# TRY IT
What follows is a set of records. Copy them exactly and leave out the images.

# Referring expression grounding data
****

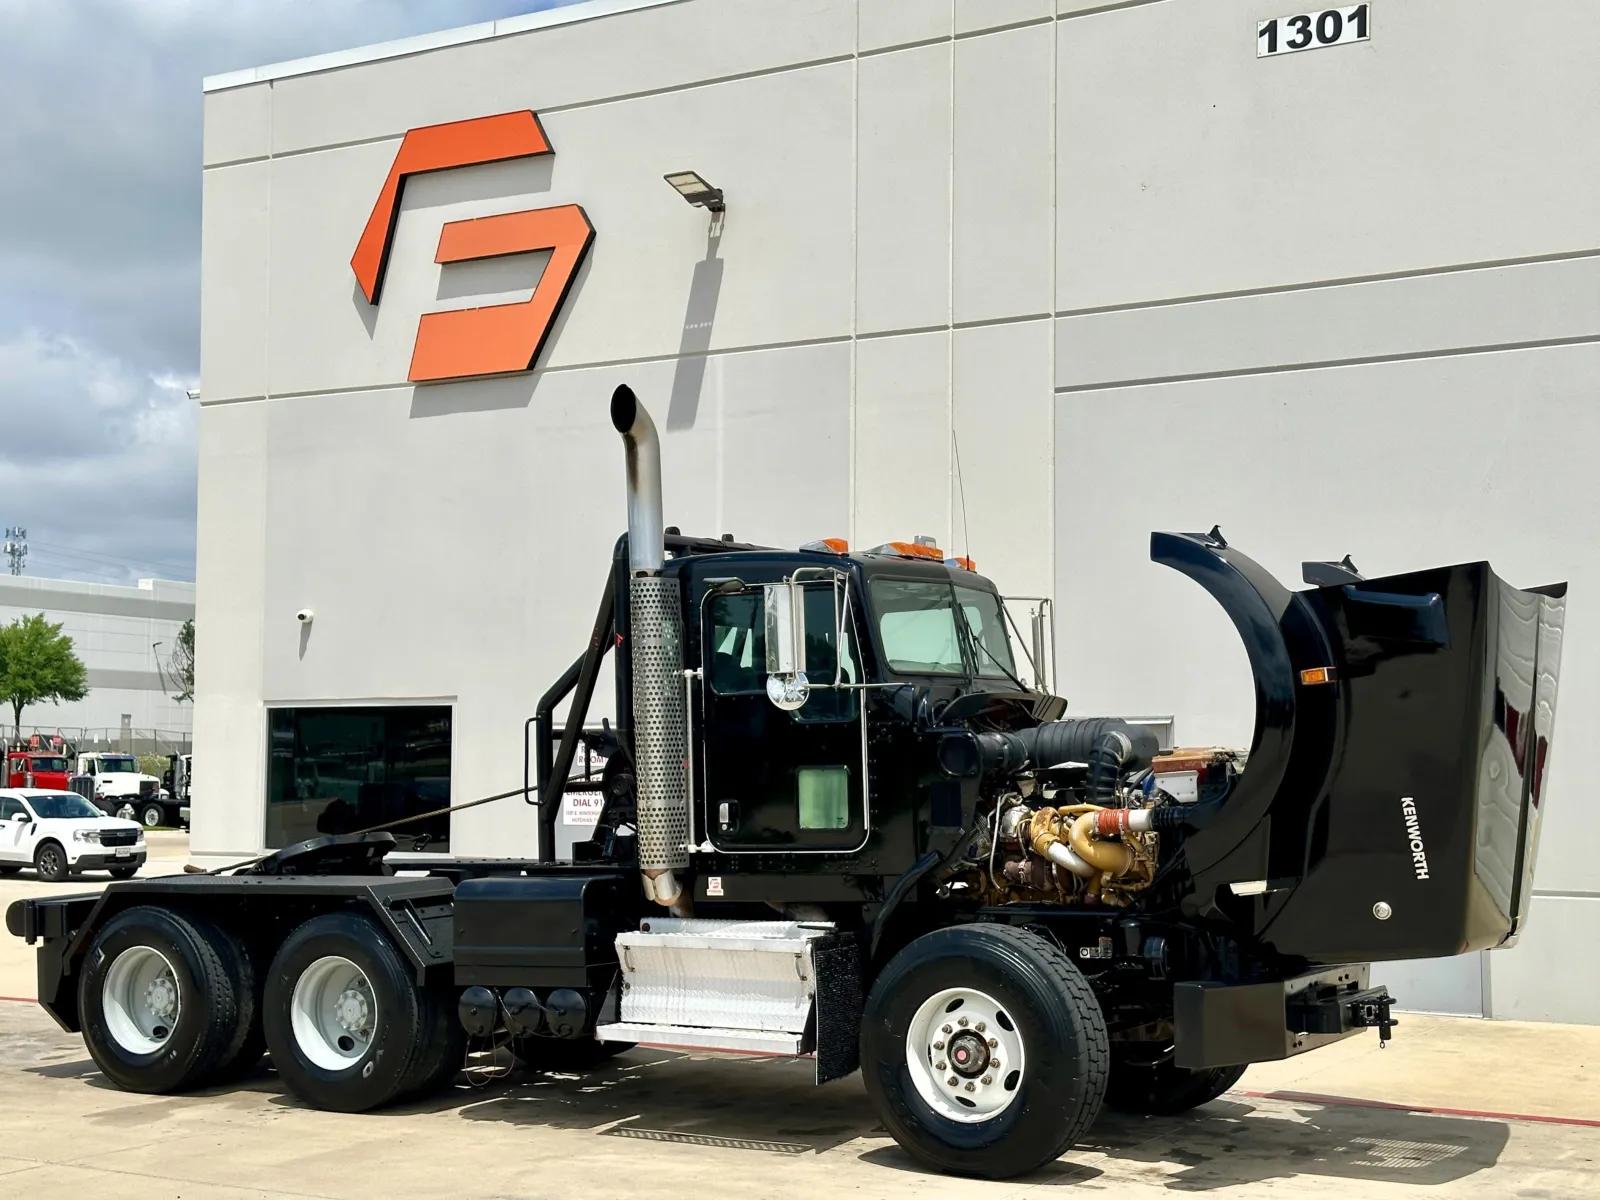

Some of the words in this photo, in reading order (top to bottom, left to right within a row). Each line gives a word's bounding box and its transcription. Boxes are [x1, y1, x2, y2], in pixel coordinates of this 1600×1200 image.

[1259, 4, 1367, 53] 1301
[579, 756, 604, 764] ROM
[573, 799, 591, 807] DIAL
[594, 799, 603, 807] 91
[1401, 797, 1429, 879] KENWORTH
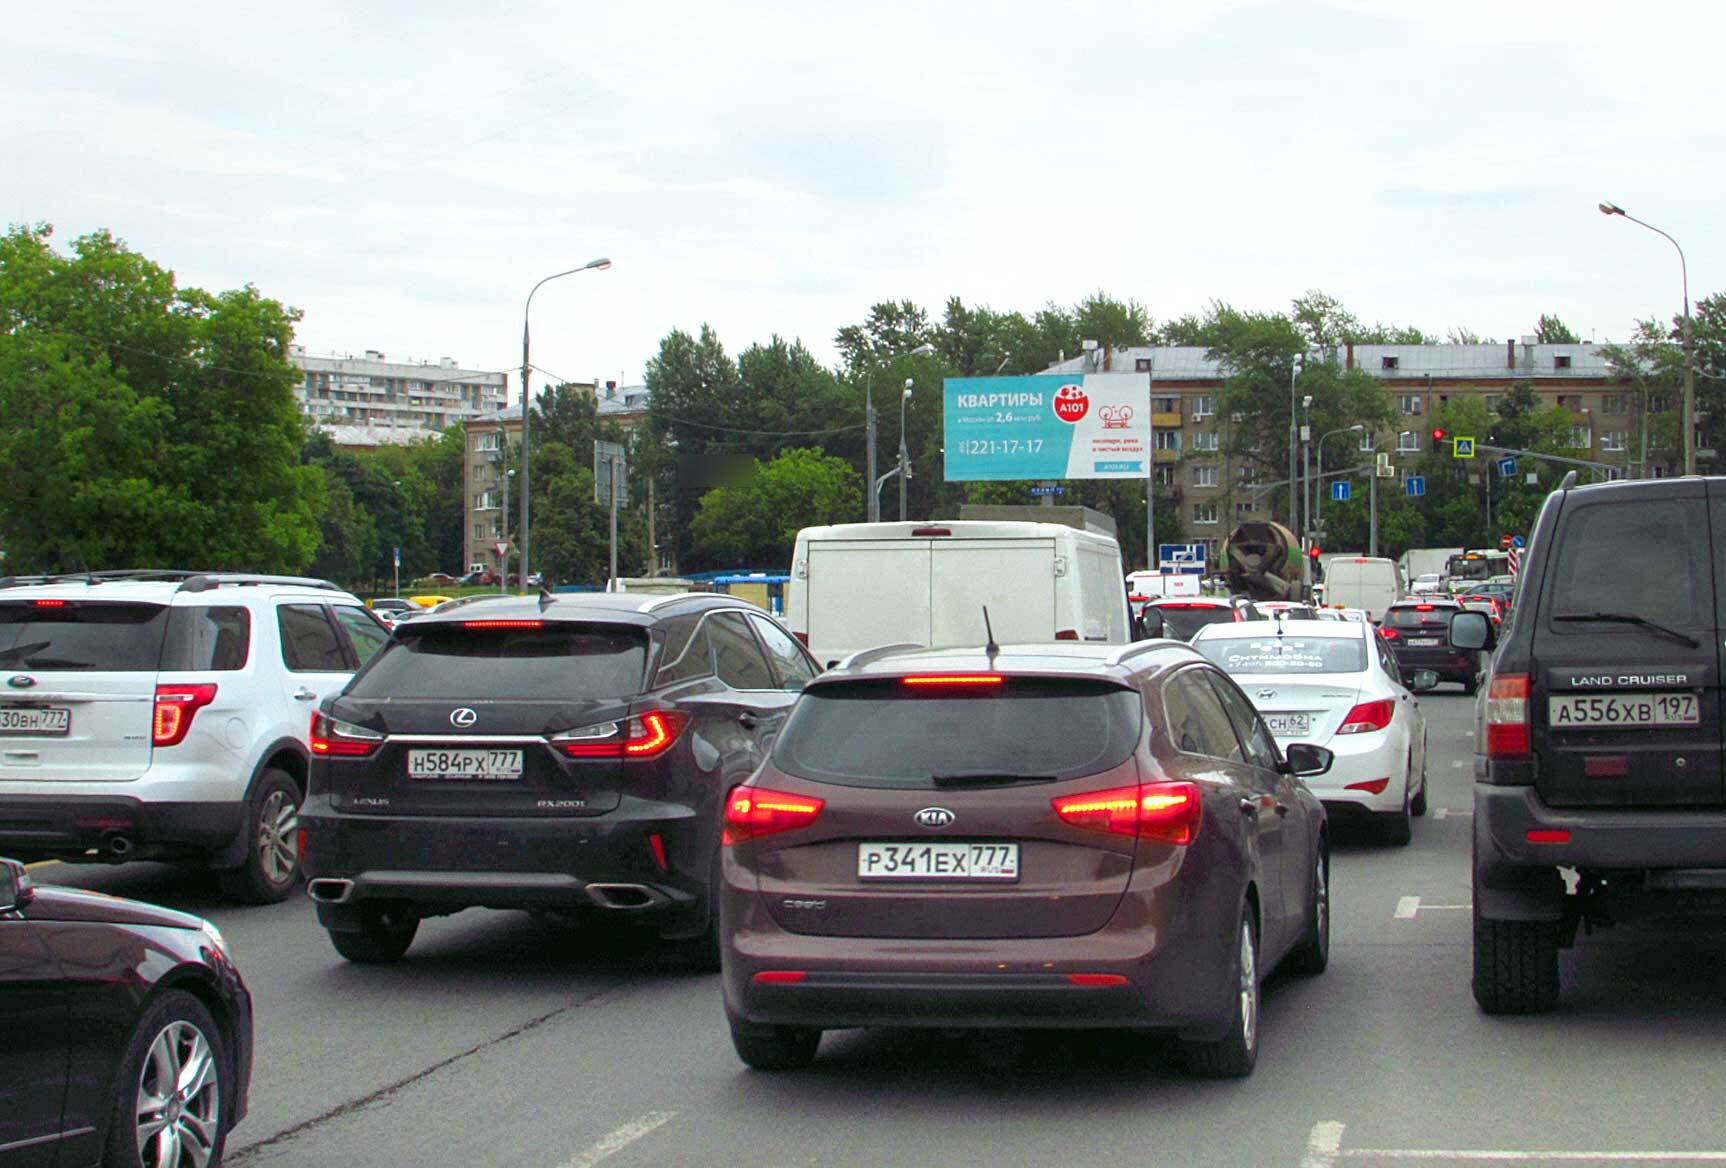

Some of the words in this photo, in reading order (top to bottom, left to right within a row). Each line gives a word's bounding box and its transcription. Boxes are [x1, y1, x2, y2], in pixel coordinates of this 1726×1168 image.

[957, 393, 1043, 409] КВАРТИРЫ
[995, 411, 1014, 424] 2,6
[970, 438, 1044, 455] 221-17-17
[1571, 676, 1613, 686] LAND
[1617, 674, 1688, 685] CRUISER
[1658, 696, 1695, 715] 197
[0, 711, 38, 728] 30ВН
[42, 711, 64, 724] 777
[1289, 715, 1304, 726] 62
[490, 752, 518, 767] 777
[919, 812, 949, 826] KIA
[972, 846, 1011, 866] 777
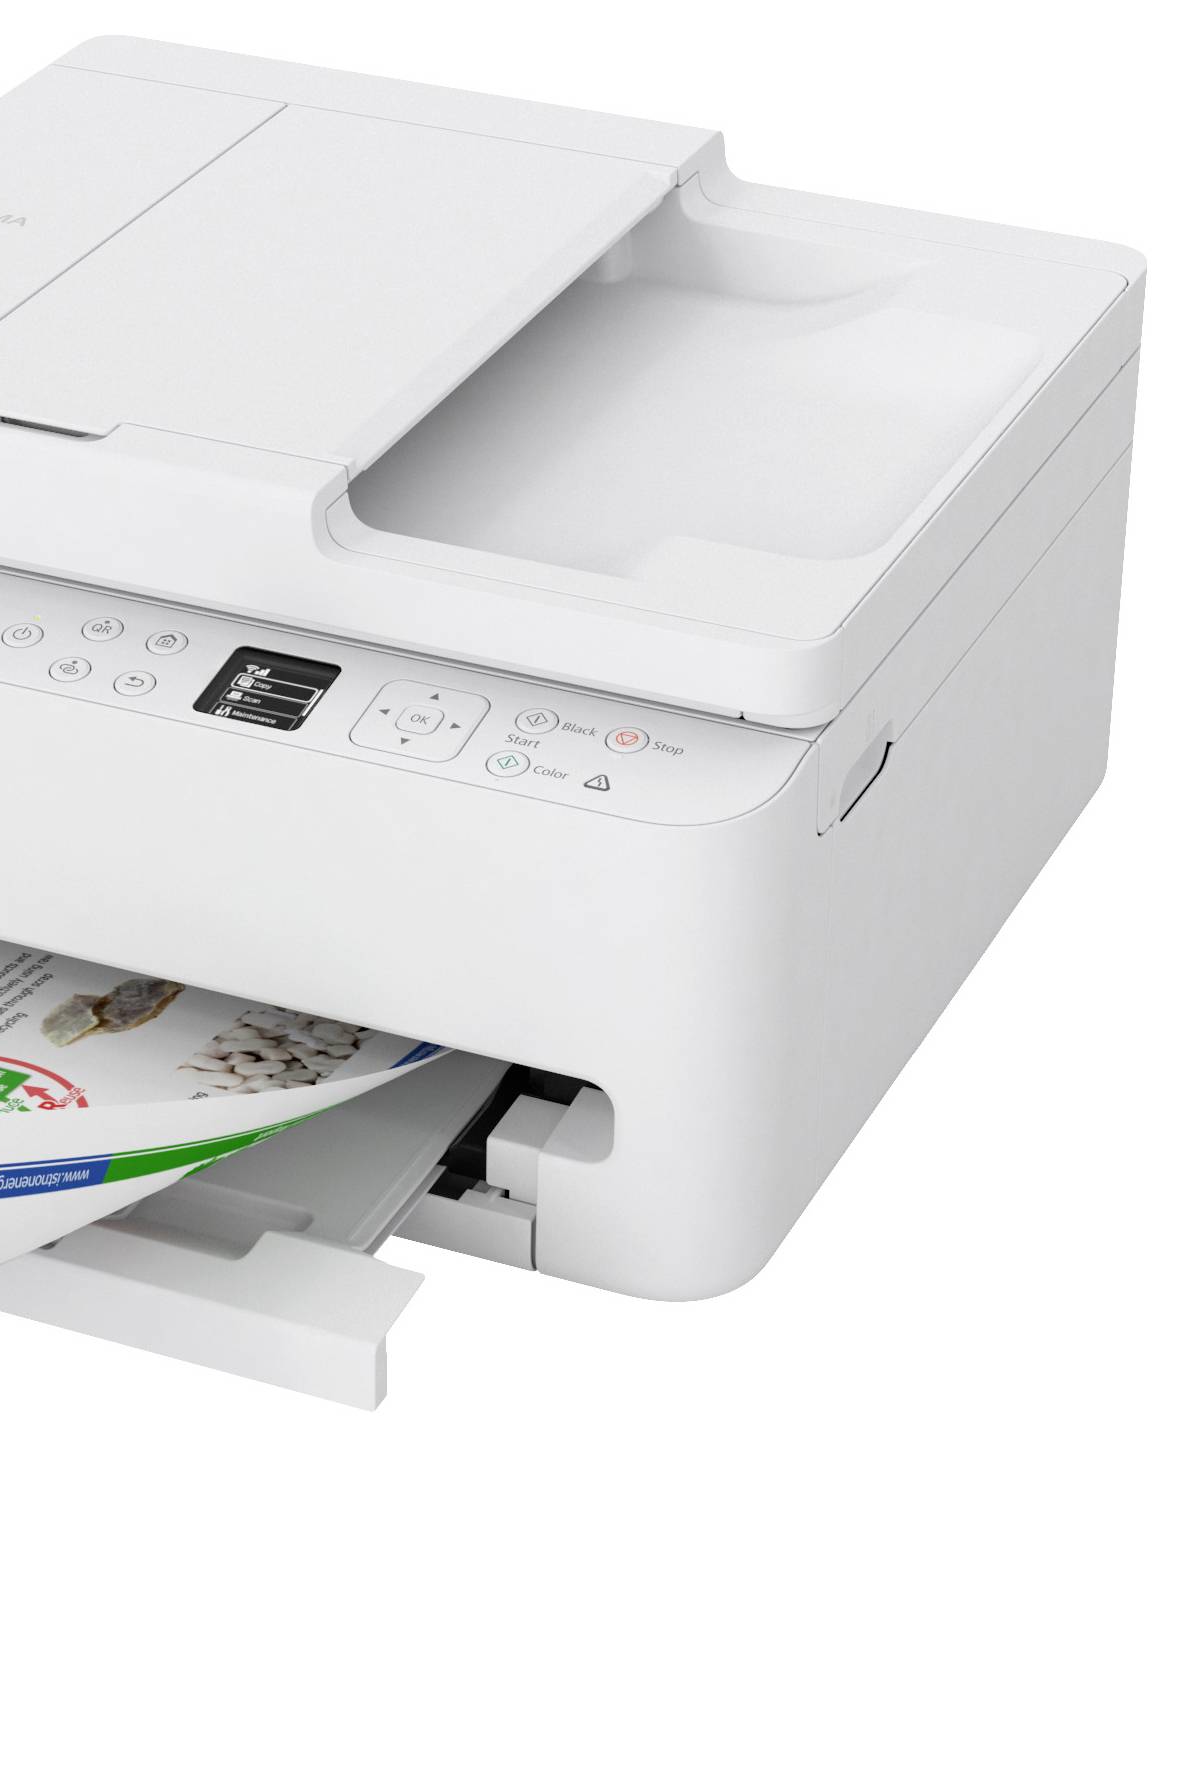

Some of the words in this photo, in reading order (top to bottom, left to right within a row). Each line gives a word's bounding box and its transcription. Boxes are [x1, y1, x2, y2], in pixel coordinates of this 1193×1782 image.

****

# FINISHED EXERCISE
Some of the words in this photo, in reading order (top to bottom, left to right within a row). Each line gives a word's bounding box and its transcription. Boxes are [x1, y1, x2, y2], in pixel coordinates of this 1600×1200 image.

[1259, 4, 1367, 53] 1301
[579, 756, 604, 764] ROM
[573, 799, 591, 807] DIAL
[594, 799, 603, 807] 91
[1401, 797, 1429, 879] KENWORTH

Some of the words in this photo, in reading order (top to bottom, left to right within a row). Each line gives a word's bounding box and its transcription. Boxes are [x1, y1, x2, y2], in pixel coordinates of this 1726×1168 image.

[957, 393, 1043, 409] КВАРТИРЫ
[995, 411, 1014, 424] 2,6
[970, 438, 1044, 455] 221-17-17
[1571, 676, 1613, 686] LAND
[1617, 674, 1688, 685] CRUISER
[1658, 696, 1695, 715] 197
[0, 711, 38, 728] 30ВН
[42, 711, 64, 724] 777
[1289, 715, 1304, 726] 62
[490, 752, 518, 767] 777
[919, 812, 949, 826] KIA
[972, 846, 1011, 866] 777

Some of the words in this photo, in reading order (top to bottom, left to right within a row). Each line gives a word's bounding box and its transcription. Boxes are [x1, y1, x2, y2], in pixel coordinates of this 1193×1782 image.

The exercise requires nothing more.